Copy the records out again in full, keeping them identical.

Source data below:

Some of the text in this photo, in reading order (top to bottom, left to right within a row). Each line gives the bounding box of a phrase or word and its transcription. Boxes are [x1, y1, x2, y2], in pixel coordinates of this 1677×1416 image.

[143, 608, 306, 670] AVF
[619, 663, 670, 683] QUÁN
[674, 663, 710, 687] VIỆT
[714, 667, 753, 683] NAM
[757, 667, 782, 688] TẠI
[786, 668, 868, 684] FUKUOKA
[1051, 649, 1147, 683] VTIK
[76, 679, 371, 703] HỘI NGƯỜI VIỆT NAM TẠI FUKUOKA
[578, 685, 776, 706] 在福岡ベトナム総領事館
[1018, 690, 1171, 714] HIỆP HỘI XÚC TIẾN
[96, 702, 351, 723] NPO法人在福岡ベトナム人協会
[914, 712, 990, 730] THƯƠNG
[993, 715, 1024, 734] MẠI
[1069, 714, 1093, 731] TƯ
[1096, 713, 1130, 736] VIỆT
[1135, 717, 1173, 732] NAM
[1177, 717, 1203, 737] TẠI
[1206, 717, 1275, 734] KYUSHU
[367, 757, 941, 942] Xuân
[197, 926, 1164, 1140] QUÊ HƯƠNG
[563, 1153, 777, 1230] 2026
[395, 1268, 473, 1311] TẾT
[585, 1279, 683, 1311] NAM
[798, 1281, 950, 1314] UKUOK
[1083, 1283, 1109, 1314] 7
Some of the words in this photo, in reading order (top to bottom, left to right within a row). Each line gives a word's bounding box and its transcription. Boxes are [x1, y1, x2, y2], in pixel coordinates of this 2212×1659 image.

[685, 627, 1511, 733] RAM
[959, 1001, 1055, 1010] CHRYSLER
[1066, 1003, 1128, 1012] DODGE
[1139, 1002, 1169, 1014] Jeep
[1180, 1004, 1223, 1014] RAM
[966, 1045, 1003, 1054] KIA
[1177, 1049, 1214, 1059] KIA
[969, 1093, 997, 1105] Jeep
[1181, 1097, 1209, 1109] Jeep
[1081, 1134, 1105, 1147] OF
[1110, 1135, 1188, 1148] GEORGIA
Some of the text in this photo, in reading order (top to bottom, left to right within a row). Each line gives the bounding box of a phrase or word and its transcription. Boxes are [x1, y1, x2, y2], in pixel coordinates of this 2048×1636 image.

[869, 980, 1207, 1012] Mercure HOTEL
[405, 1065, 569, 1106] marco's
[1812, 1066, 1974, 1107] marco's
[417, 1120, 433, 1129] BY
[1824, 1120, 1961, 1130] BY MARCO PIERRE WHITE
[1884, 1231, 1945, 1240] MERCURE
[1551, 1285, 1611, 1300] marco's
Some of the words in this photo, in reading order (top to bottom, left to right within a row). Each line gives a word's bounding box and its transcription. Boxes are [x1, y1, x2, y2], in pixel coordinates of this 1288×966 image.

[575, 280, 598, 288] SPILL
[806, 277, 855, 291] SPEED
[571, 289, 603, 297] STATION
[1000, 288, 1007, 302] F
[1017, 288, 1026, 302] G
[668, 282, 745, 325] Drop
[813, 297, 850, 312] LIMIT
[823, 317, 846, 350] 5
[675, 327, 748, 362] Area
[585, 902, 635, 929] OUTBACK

End of Source data.

Reply
Some of the text in this photo, in reading order (top to bottom, left to right within a row). Each line gives the bounding box of a phrase or word and its transcription. Boxes are [x1, y1, x2, y2], in pixel coordinates of this 1677×1416 image.

[143, 608, 306, 670] AVF
[619, 663, 670, 683] QUÁN
[674, 663, 710, 687] VIỆT
[714, 667, 753, 683] NAM
[757, 667, 782, 688] TẠI
[786, 668, 868, 684] FUKUOKA
[1051, 649, 1147, 683] VTIK
[76, 679, 371, 703] HỘI NGƯỜI VIỆT NAM TẠI FUKUOKA
[578, 685, 776, 706] 在福岡ベトナム総領事館
[1018, 690, 1171, 714] HIỆP HỘI XÚC TIẾN
[96, 702, 351, 723] NPO法人在福岡ベトナム人協会
[914, 712, 990, 730] THƯƠNG
[993, 715, 1024, 734] MẠI
[1069, 714, 1093, 731] TƯ
[1096, 713, 1130, 736] VIỆT
[1135, 717, 1173, 732] NAM
[1177, 717, 1203, 737] TẠI
[1206, 717, 1275, 734] KYUSHU
[367, 757, 941, 942] Xuân
[197, 926, 1164, 1140] QUÊ HƯƠNG
[563, 1153, 777, 1230] 2026
[395, 1268, 473, 1311] TẾT
[585, 1279, 683, 1311] NAM
[798, 1281, 950, 1314] UKUOK
[1083, 1283, 1109, 1314] 7
Some of the words in this photo, in reading order (top to bottom, left to right within a row). Each line gives a word's bounding box and its transcription. Boxes are [x1, y1, x2, y2], in pixel coordinates of this 2212×1659 image.

[685, 627, 1511, 733] RAM
[959, 1001, 1055, 1010] CHRYSLER
[1066, 1003, 1128, 1012] DODGE
[1139, 1002, 1169, 1014] Jeep
[1180, 1004, 1223, 1014] RAM
[966, 1045, 1003, 1054] KIA
[1177, 1049, 1214, 1059] KIA
[969, 1093, 997, 1105] Jeep
[1181, 1097, 1209, 1109] Jeep
[1081, 1134, 1105, 1147] OF
[1110, 1135, 1188, 1148] GEORGIA
Some of the text in this photo, in reading order (top to bottom, left to right within a row). Each line gives the bounding box of a phrase or word and its transcription. Boxes are [x1, y1, x2, y2], in pixel coordinates of this 2048×1636 image.

[869, 980, 1207, 1012] Mercure HOTEL
[405, 1065, 569, 1106] marco's
[1812, 1066, 1974, 1107] marco's
[417, 1120, 433, 1129] BY
[1824, 1120, 1961, 1130] BY MARCO PIERRE WHITE
[1884, 1231, 1945, 1240] MERCURE
[1551, 1285, 1611, 1300] marco's
Some of the words in this photo, in reading order (top to bottom, left to right within a row). Each line gives a word's bounding box and its transcription. Boxes are [x1, y1, x2, y2], in pixel coordinates of this 1288×966 image.

[575, 280, 598, 288] SPILL
[806, 277, 855, 291] SPEED
[571, 289, 603, 297] STATION
[1000, 288, 1007, 302] F
[1017, 288, 1026, 302] G
[668, 282, 745, 325] Drop
[813, 297, 850, 312] LIMIT
[823, 317, 846, 350] 5
[675, 327, 748, 362] Area
[585, 902, 635, 929] OUTBACK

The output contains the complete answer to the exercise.